### Assigned task:
Each entry below is to be extracted exactly.

### Input data:
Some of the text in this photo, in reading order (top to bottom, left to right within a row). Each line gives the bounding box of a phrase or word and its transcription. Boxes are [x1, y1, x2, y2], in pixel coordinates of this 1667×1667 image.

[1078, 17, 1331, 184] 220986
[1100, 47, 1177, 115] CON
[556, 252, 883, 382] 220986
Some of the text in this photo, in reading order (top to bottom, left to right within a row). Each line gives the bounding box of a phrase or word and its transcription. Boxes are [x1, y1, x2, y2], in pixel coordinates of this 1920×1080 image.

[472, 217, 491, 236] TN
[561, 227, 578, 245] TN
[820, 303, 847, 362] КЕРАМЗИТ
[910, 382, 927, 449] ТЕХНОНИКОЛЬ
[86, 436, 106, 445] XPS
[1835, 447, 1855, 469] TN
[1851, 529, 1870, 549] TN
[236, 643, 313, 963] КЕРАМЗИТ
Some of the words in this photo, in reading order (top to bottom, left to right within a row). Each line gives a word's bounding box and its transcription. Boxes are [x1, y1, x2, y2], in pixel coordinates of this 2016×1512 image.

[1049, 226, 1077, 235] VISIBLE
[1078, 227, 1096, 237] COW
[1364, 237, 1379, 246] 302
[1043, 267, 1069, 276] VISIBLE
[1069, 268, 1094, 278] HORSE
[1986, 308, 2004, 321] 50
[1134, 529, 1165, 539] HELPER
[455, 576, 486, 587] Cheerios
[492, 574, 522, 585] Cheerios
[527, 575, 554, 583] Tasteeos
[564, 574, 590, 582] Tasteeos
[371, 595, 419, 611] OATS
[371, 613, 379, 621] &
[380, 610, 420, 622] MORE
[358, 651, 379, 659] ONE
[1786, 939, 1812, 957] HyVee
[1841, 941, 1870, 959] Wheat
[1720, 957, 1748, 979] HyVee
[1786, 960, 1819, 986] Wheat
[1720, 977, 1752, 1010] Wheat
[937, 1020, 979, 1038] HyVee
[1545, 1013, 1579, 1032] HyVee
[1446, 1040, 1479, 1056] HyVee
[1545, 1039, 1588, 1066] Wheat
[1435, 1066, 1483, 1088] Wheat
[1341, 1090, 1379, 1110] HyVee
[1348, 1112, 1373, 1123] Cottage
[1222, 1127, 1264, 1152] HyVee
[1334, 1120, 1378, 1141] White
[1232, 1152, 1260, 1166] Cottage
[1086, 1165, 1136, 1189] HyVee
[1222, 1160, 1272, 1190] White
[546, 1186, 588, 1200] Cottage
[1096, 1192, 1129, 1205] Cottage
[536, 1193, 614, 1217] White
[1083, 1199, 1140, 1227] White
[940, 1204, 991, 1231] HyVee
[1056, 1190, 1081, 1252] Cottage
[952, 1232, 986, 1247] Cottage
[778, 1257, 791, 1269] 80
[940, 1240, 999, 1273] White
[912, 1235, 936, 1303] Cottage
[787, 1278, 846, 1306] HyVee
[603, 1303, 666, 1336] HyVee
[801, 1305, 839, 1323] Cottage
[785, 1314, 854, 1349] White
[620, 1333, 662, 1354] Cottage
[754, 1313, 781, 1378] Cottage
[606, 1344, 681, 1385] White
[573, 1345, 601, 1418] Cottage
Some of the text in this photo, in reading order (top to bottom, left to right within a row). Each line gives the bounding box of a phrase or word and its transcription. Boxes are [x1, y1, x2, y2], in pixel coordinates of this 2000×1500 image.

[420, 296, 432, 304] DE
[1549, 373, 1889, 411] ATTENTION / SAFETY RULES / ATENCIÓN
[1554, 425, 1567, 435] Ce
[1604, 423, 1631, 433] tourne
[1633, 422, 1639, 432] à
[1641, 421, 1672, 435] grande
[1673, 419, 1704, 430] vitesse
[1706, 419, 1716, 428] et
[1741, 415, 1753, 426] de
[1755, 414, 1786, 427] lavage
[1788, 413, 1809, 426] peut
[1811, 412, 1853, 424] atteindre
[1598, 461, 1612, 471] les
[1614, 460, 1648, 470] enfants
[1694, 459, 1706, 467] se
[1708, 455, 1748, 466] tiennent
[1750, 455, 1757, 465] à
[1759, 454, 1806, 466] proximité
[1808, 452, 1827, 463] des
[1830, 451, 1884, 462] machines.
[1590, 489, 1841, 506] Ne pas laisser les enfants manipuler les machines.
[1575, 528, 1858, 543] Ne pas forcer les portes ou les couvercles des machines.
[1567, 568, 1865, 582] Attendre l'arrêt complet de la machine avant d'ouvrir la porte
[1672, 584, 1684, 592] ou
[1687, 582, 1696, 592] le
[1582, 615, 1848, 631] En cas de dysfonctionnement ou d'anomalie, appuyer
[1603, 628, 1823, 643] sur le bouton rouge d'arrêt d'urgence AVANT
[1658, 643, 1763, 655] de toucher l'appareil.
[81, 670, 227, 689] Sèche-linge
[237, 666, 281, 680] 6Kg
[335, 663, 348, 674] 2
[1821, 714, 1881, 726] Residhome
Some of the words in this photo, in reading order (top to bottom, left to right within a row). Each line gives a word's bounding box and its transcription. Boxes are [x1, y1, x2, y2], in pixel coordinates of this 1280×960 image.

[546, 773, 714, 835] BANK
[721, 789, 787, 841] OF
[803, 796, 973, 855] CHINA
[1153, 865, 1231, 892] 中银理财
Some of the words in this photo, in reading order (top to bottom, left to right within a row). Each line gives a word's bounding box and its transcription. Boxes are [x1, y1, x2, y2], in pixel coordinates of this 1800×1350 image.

### Task output:
Some of the text in this photo, in reading order (top to bottom, left to right within a row). Each line gives the bounding box of a phrase or word and its transcription. Boxes are [x1, y1, x2, y2], in pixel coordinates of this 1667×1667 image.

[1078, 17, 1331, 184] 220986
[1100, 47, 1177, 115] CON
[556, 252, 883, 382] 220986
Some of the text in this photo, in reading order (top to bottom, left to right within a row). Each line gives the bounding box of a phrase or word and its transcription. Boxes are [x1, y1, x2, y2], in pixel coordinates of this 1920×1080 image.

[472, 217, 491, 236] TN
[561, 227, 578, 245] TN
[820, 303, 847, 362] КЕРАМЗИТ
[910, 382, 927, 449] ТЕХНОНИКОЛЬ
[86, 436, 106, 445] XPS
[1835, 447, 1855, 469] TN
[1851, 529, 1870, 549] TN
[236, 643, 313, 963] КЕРАМЗИТ
Some of the words in this photo, in reading order (top to bottom, left to right within a row). Each line gives a word's bounding box and its transcription. Boxes are [x1, y1, x2, y2], in pixel coordinates of this 2016×1512 image.

[1049, 226, 1077, 235] VISIBLE
[1078, 227, 1096, 237] COW
[1364, 237, 1379, 246] 302
[1043, 267, 1069, 276] VISIBLE
[1069, 268, 1094, 278] HORSE
[1986, 308, 2004, 321] 50
[1134, 529, 1165, 539] HELPER
[455, 576, 486, 587] Cheerios
[492, 574, 522, 585] Cheerios
[527, 575, 554, 583] Tasteeos
[564, 574, 590, 582] Tasteeos
[371, 595, 419, 611] OATS
[371, 613, 379, 621] &
[380, 610, 420, 622] MORE
[358, 651, 379, 659] ONE
[1786, 939, 1812, 957] HyVee
[1841, 941, 1870, 959] Wheat
[1720, 957, 1748, 979] HyVee
[1786, 960, 1819, 986] Wheat
[1720, 977, 1752, 1010] Wheat
[937, 1020, 979, 1038] HyVee
[1545, 1013, 1579, 1032] HyVee
[1446, 1040, 1479, 1056] HyVee
[1545, 1039, 1588, 1066] Wheat
[1435, 1066, 1483, 1088] Wheat
[1341, 1090, 1379, 1110] HyVee
[1348, 1112, 1373, 1123] Cottage
[1222, 1127, 1264, 1152] HyVee
[1334, 1120, 1378, 1141] White
[1232, 1152, 1260, 1166] Cottage
[1086, 1165, 1136, 1189] HyVee
[1222, 1160, 1272, 1190] White
[546, 1186, 588, 1200] Cottage
[1096, 1192, 1129, 1205] Cottage
[536, 1193, 614, 1217] White
[1083, 1199, 1140, 1227] White
[940, 1204, 991, 1231] HyVee
[1056, 1190, 1081, 1252] Cottage
[952, 1232, 986, 1247] Cottage
[778, 1257, 791, 1269] 80
[940, 1240, 999, 1273] White
[912, 1235, 936, 1303] Cottage
[787, 1278, 846, 1306] HyVee
[603, 1303, 666, 1336] HyVee
[801, 1305, 839, 1323] Cottage
[785, 1314, 854, 1349] White
[620, 1333, 662, 1354] Cottage
[754, 1313, 781, 1378] Cottage
[606, 1344, 681, 1385] White
[573, 1345, 601, 1418] Cottage
Some of the text in this photo, in reading order (top to bottom, left to right within a row). Each line gives the bounding box of a phrase or word and its transcription. Boxes are [x1, y1, x2, y2], in pixel coordinates of this 2000×1500 image.

[420, 296, 432, 304] DE
[1549, 373, 1889, 411] ATTENTION / SAFETY RULES / ATENCIÓN
[1554, 425, 1567, 435] Ce
[1604, 423, 1631, 433] tourne
[1633, 422, 1639, 432] à
[1641, 421, 1672, 435] grande
[1673, 419, 1704, 430] vitesse
[1706, 419, 1716, 428] et
[1741, 415, 1753, 426] de
[1755, 414, 1786, 427] lavage
[1788, 413, 1809, 426] peut
[1811, 412, 1853, 424] atteindre
[1598, 461, 1612, 471] les
[1614, 460, 1648, 470] enfants
[1694, 459, 1706, 467] se
[1708, 455, 1748, 466] tiennent
[1750, 455, 1757, 465] à
[1759, 454, 1806, 466] proximité
[1808, 452, 1827, 463] des
[1830, 451, 1884, 462] machines.
[1590, 489, 1841, 506] Ne pas laisser les enfants manipuler les machines.
[1575, 528, 1858, 543] Ne pas forcer les portes ou les couvercles des machines.
[1567, 568, 1865, 582] Attendre l'arrêt complet de la machine avant d'ouvrir la porte
[1672, 584, 1684, 592] ou
[1687, 582, 1696, 592] le
[1582, 615, 1848, 631] En cas de dysfonctionnement ou d'anomalie, appuyer
[1603, 628, 1823, 643] sur le bouton rouge d'arrêt d'urgence AVANT
[1658, 643, 1763, 655] de toucher l'appareil.
[81, 670, 227, 689] Sèche-linge
[237, 666, 281, 680] 6Kg
[335, 663, 348, 674] 2
[1821, 714, 1881, 726] Residhome
Some of the words in this photo, in reading order (top to bottom, left to right within a row). Each line gives a word's bounding box and its transcription. Boxes are [x1, y1, x2, y2], in pixel coordinates of this 1280×960 image.

[546, 773, 714, 835] BANK
[721, 789, 787, 841] OF
[803, 796, 973, 855] CHINA
[1153, 865, 1231, 892] 中银理财
Some of the words in this photo, in reading order (top to bottom, left to right within a row). Each line gives a word's bounding box and its transcription. Boxes are [x1, y1, x2, y2], in pixel coordinates of this 1800×1350 image.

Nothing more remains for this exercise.